The remaining narrative, while engaging, feels crammed — part romantic comedy, part workplace saga, and part civil-rights polemic, with all the tonal shifts those genres necessitate. Calvin and Elizabeth take up rowing, adopt a dog, and give birth to a daughter who shares her mother's precocity. An early tragedy changes the story's focus, inviting an undercooked mystery element that crisscrosses timelines. Meanwhile, Elizabeth's neighbor and rare friend, Harriet (Aja Naomi King), is fighting a racist government plan that would demolish the homes on their mostly Black street to build a freeway extension. Because that subplot also remains surface-level, Chemistry winds up feeling like the sum of its sober social issues rather than its compelling characters. A misogynistic wound from Elizabeth's past also gets more gravity in the show than it had in the book.  

Larson, for her part, does well with the material. This is probably her meatiest role since she won the Oscar for Room in 2016, a whole lifetime ago. Larson has led a Marvel spin-off and landed a few decent supporting parts, but high-caliber projects have largely eluded her. As Elizabeth, she manages to convey prickliness without resorting to antihero tropes. Larson pinches her face, but her eyes remain wide and attentive, the look of someone thirsty for the spoils of knowledge. We understand why Elizabeth wouldn't want to be some superficial TV personality — and why that makes her the perfect person to inhabit this fantasy version of 1960s empowerment. 

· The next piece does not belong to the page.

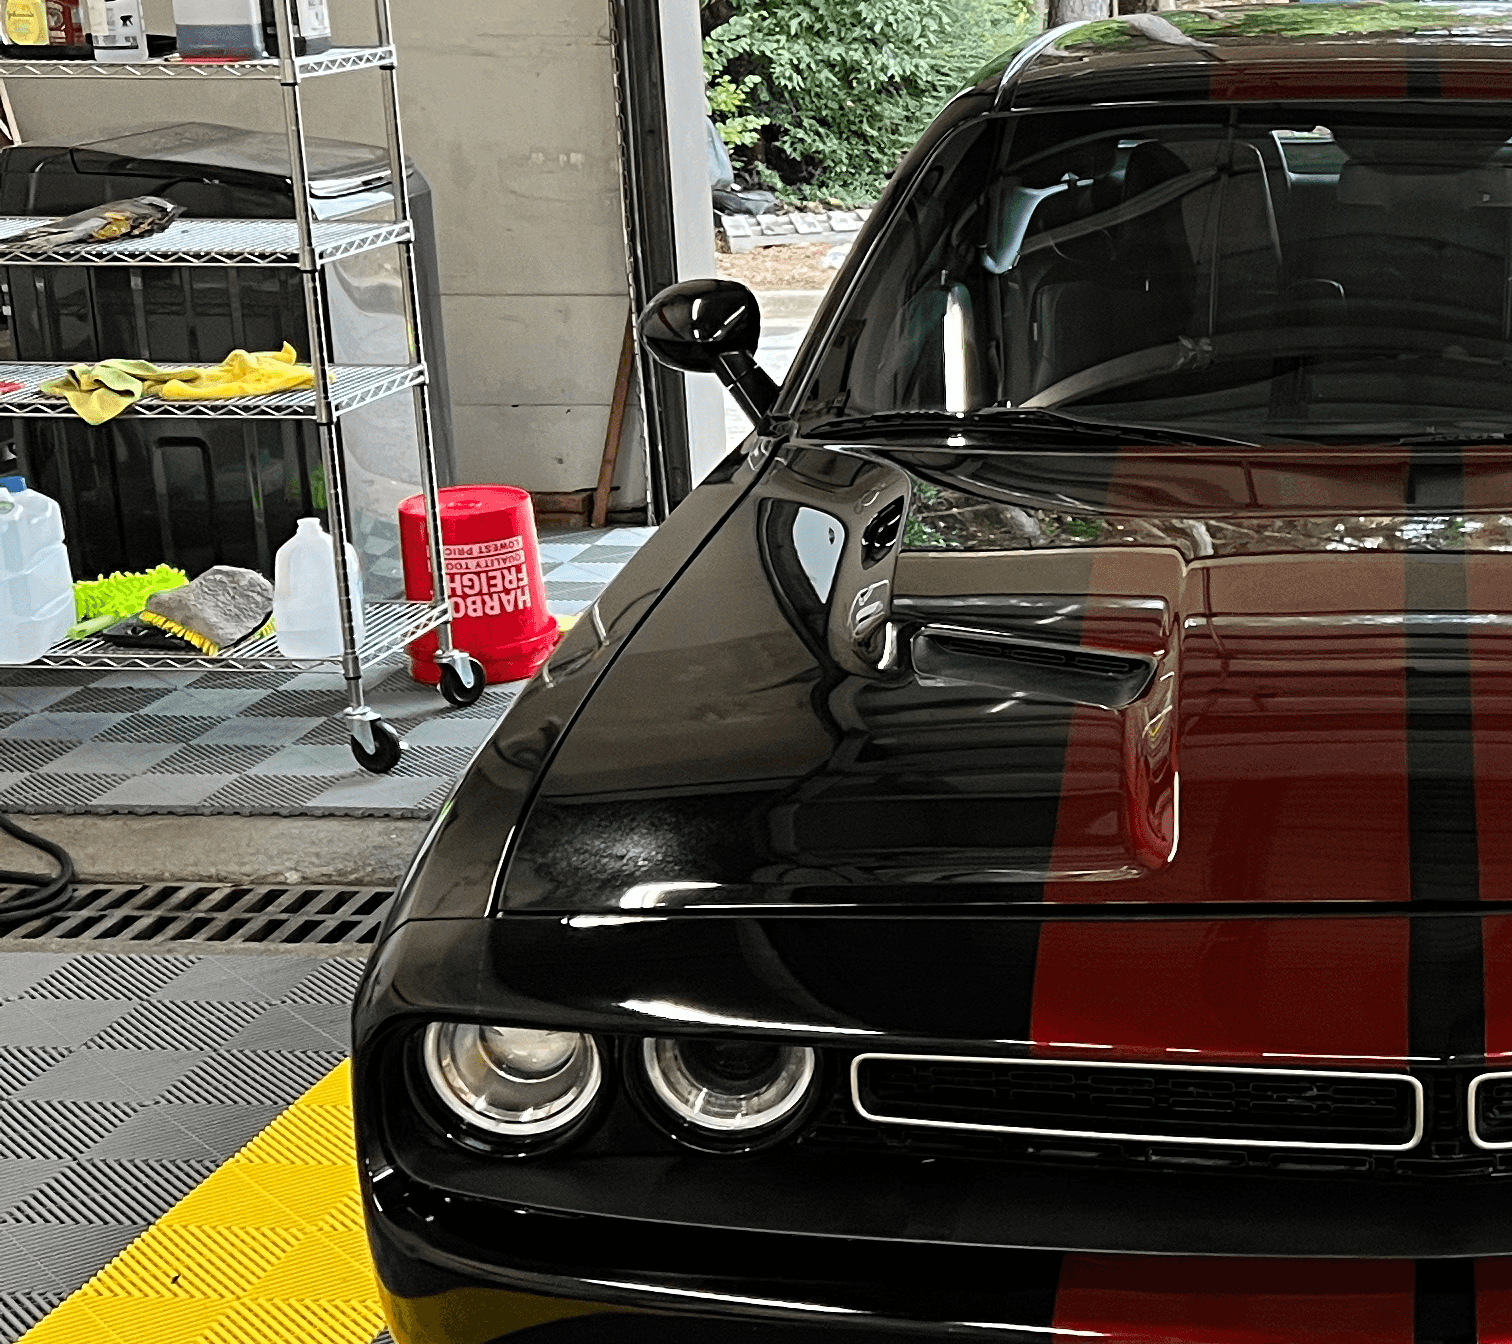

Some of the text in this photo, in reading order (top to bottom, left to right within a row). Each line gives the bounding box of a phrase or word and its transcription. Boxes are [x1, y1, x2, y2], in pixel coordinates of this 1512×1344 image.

But for all its watchability, Lessons in Chemistry never totally gels. There's wit bubbling around the edges, but it hesitates to be too funny for fear of reducing its heavier themes. As a result, the show feels like a less deft rendering of Garmus' sensibility, which avoided hammy overreach at every turn. If there's a lesson in Chemistry, it's that sometimes the book's formula is all you need.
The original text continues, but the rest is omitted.